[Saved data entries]
--------

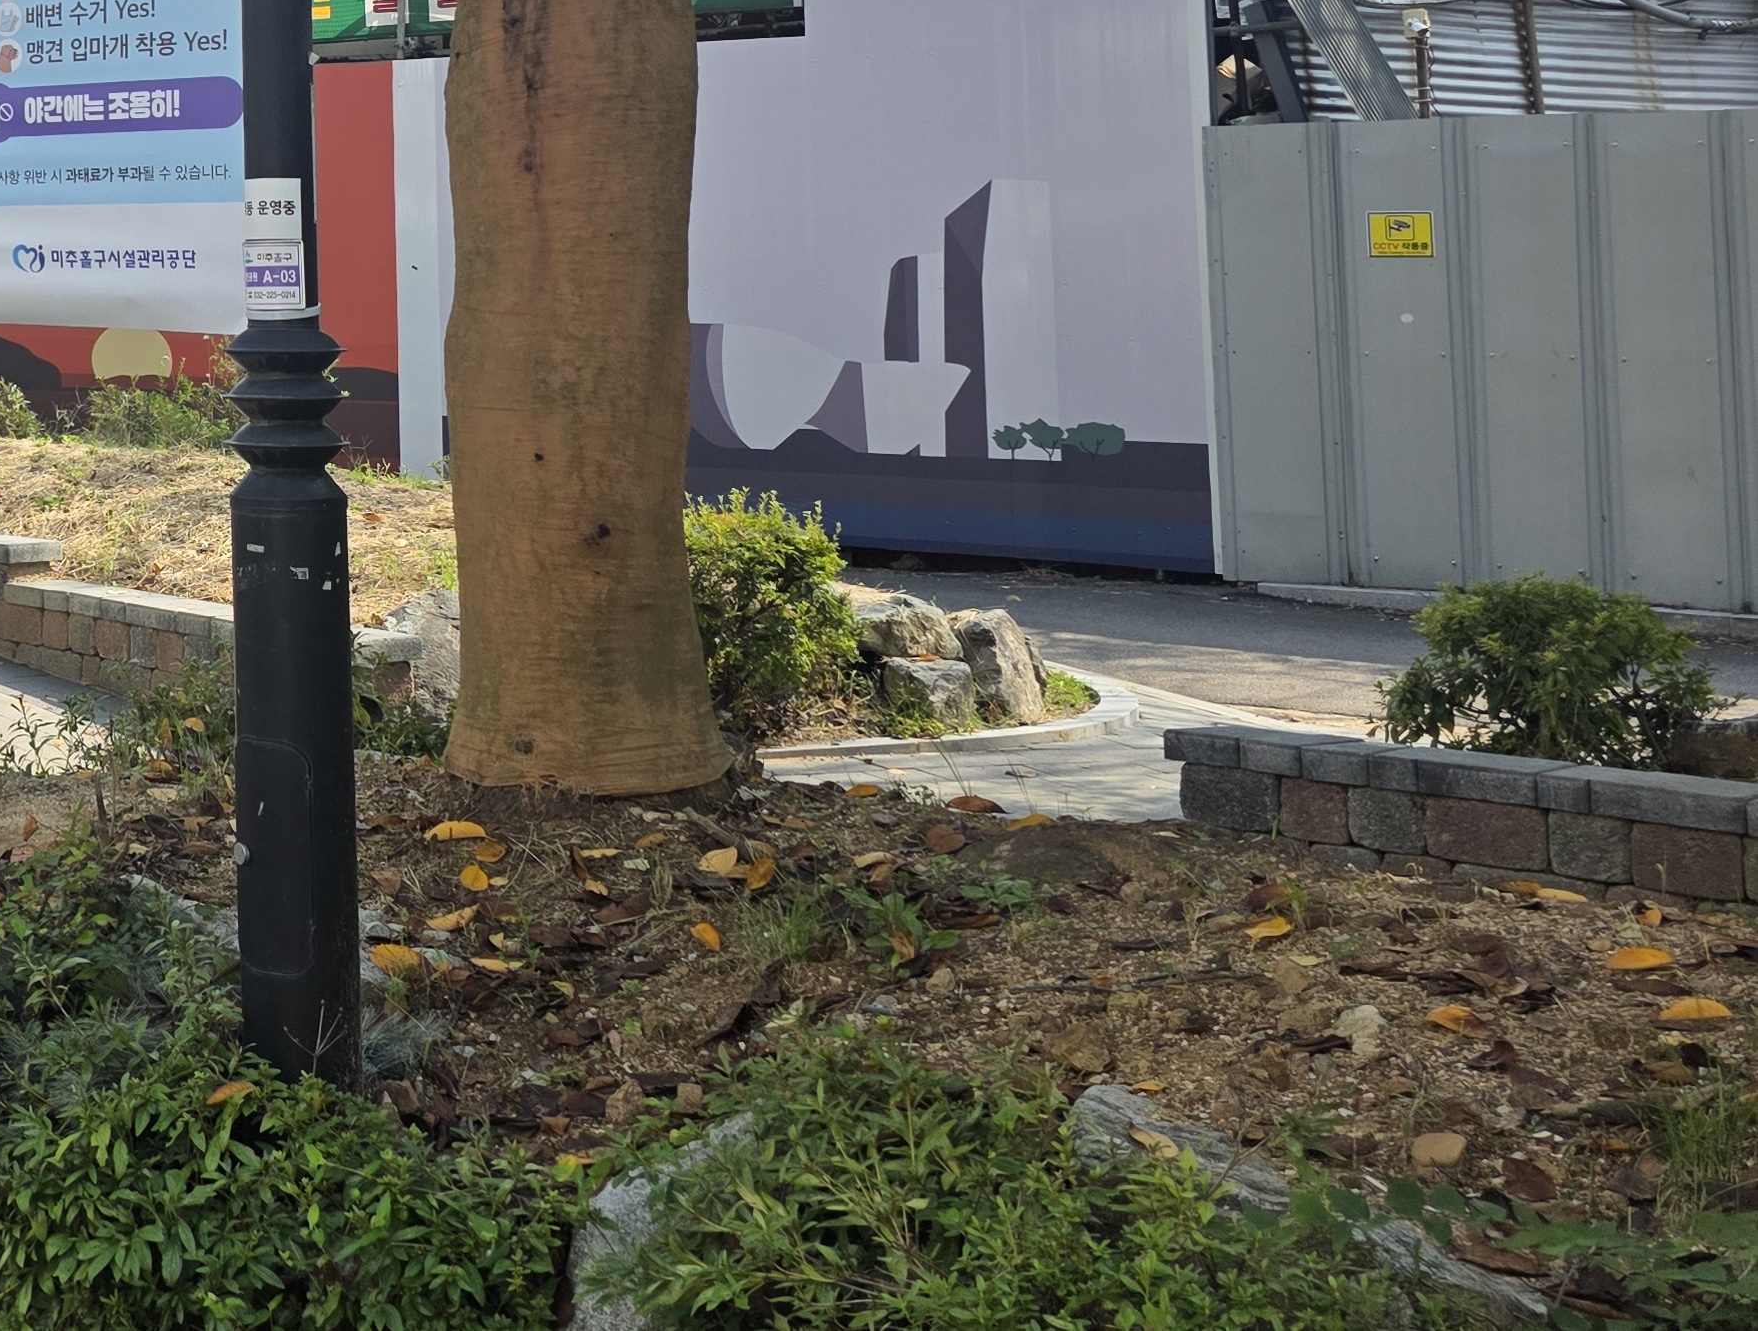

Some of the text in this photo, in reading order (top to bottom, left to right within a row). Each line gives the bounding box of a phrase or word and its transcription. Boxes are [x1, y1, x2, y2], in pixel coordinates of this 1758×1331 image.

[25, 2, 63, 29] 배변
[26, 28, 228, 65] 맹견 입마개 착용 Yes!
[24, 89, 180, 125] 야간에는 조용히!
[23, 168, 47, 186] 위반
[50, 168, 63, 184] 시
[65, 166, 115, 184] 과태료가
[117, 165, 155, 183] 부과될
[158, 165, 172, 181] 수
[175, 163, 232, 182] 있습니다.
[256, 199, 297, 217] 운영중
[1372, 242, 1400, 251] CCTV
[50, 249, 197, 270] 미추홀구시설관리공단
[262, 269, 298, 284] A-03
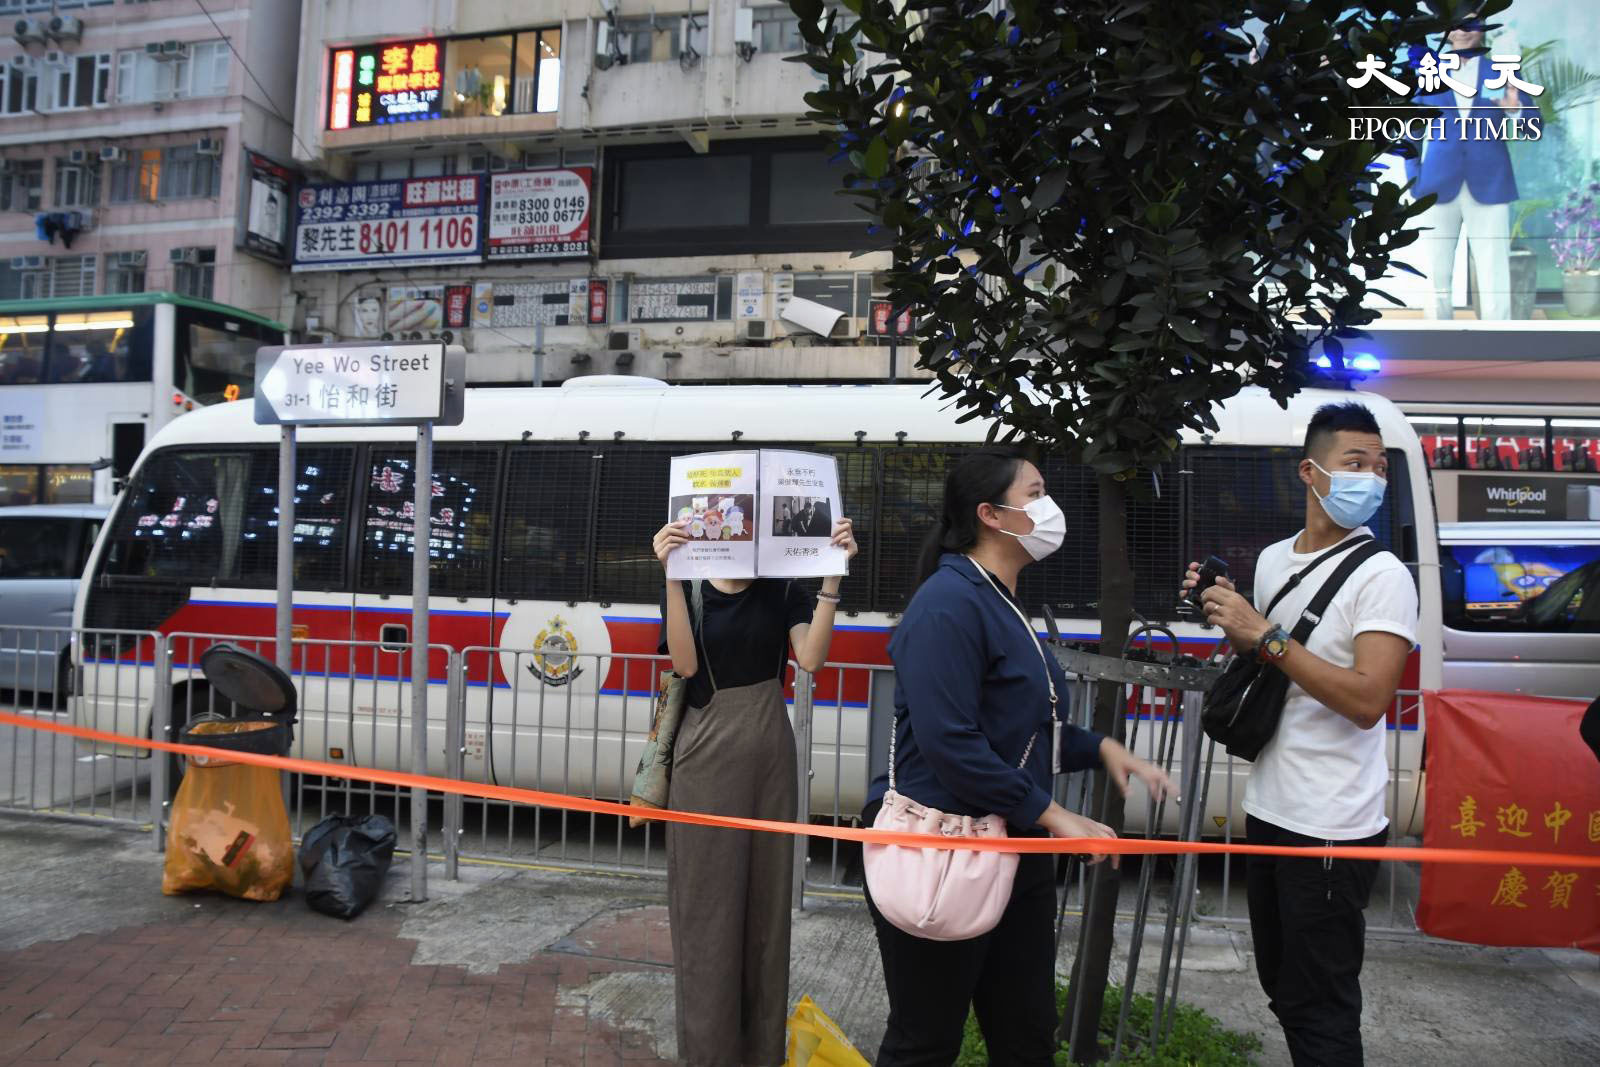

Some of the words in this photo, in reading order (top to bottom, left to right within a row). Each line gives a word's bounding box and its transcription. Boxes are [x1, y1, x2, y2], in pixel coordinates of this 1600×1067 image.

--------

» **ACTION ITEM**: Type the lines above out again exactly as they appear, skipping every picture.

» **OUTPUT FOR THIS TASK**:
Some of the text in this photo, in reading order (top to bottom, left to right within a row). Each line gives the bounding box of a phrase or word and its transcription. Boxes are [x1, y1, x2, y2], in pixel coordinates of this 1758×1331 image.

[25, 2, 63, 29] 배변
[26, 28, 228, 65] 맹견 입마개 착용 Yes!
[24, 89, 180, 125] 야간에는 조용히!
[23, 168, 47, 186] 위반
[50, 168, 63, 184] 시
[65, 166, 115, 184] 과태료가
[117, 165, 155, 183] 부과될
[158, 165, 172, 181] 수
[175, 163, 232, 182] 있습니다.
[256, 199, 297, 217] 운영중
[1372, 242, 1400, 251] CCTV
[50, 249, 197, 270] 미추홀구시설관리공단
[262, 269, 298, 284] A-03

Some of the words in this photo, in reading order (top to bottom, left to right within a row). Each line gives a word's bounding box and its transcription. Boxes are [x1, y1, x2, y2], in pixel coordinates of this 1600×1067 image.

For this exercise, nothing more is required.